Burnout doesn’t show up all at once. It creeps in gradually – the skipped lunch breaks, constant multi-tasking, late nights, the constant device checking, the creeping sense that recovery will have to wait for the weekend, tension that starts in the shoulders and ends in disengagement. But just as it builds slowly, so too can resilience. One small moment at a time.
Micro practices are simple, science-informed behaviors that can be weaved into anyone’s daily routine. They help reset your stress response, boost focus, and improve your ability to adapt to challenges. While they may seem modest on the surface, they support lasting change by shifting how we respond to stress, complexity, and uncertainty.
Practical Micro Practices You Can Start Today
Here are some practical examples you can start using today:
- 90-Second Resets: A short breathing technique where you pause and take slow, deep breaths. This helps calm the nervous system and clear your mind. It’s ideal between meetings or during transitions.
- Expressing Gratitude: Take two minutes each day to reflect and journal on at least one good thing that happened during the day. It doesn’t have to be big – a kind gesture from a colleague, a helpful email, a quiet moment, or even a well-timed coffee break. These small things matter.

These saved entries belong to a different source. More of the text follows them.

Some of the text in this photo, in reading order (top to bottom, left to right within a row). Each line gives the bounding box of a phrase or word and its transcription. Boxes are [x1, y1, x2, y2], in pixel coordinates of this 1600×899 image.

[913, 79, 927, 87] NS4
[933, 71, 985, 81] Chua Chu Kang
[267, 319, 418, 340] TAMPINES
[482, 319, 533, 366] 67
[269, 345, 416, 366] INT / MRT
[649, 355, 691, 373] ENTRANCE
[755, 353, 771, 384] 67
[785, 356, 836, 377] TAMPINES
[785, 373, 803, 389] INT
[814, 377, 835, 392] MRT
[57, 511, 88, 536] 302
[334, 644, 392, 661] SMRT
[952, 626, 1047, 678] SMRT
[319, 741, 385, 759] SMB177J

By pausing to take in the good, we train our brains to look for what’s working instead of what’s stressful. Over time, this habit can shift our mood, boost optimism, and help us feel more balanced – even on busy or challenging days.

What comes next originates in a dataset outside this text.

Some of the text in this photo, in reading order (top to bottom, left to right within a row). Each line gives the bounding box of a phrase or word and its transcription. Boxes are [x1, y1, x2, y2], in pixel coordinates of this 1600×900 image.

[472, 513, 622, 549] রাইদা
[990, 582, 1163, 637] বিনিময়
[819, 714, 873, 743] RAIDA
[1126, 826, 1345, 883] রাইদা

- Transition Rituals: Use a short activity (e.g. stretching, stepping outside, jotting down a thought) to mark the end of one task and the start of another. It helps your brain focus and recharge, reducing the mental strain from constant multitasking.
- Device-free Time: Designating device-free zones in the day, even 15 minutes, to recover attention and reduce overstimulation. Your brain needs space to recover from constant input, and you’ll feel more refreshed.

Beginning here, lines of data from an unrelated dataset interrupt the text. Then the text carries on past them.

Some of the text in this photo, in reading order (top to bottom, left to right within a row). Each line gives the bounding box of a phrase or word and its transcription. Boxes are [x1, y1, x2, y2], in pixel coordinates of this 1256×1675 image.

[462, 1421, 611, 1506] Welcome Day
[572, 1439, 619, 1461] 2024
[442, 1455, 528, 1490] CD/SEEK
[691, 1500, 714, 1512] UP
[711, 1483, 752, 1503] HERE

These habits don’t take much time. But done consistently, they start to build the resilience needed to thrive in a busy workplace.
Why These Habits Work
These small habits work because of neuroplasticity – your brain’s ability to change and adapt based on repeated actions. Each time you practice a short reset, reflect on gratitude, or take a tech break, you strengthen new pathways in your brain. These pathways help you:
- Stay calm under pressure
- Focus better
- Bounce back from setbacks faster
The more you repeat these habits, the stronger those pathways become, cultivating your resilience over time.
Building Resilience Across Teams and Organisations
When individuals practice small habits consistently, they become more focused, present, and emotionally balanced. But it doesn’t stop there.
Leaders play a key role in turning individual resilience into team culture. When leaders model these habits – taking mindful pauses, expressing gratitude, setting healthy boundaries – they give their teams permission to do the same. It sends a powerful message: taking care of ourselves isn’t a luxury, it’s part of how we lead.
This kind of role modelling helps to:
- Normalise self-care and recovery
- Build psychological safety
- Encourage more open, honest communication
Research tells us that resilient teams are not just healthier, they’re more productive, creative, and collaborative. They handle stress better, bounce back faster from setbacks, and bring more energy and focus to their work.
Over time, these small habits lead to a bigger shift: a workplace where people feel supported, able to grow, and equipped to thrive, both individually and together.
“Let’s build that kind of culture. Starting with small habits, modelled by leaders, and embraced by teams.”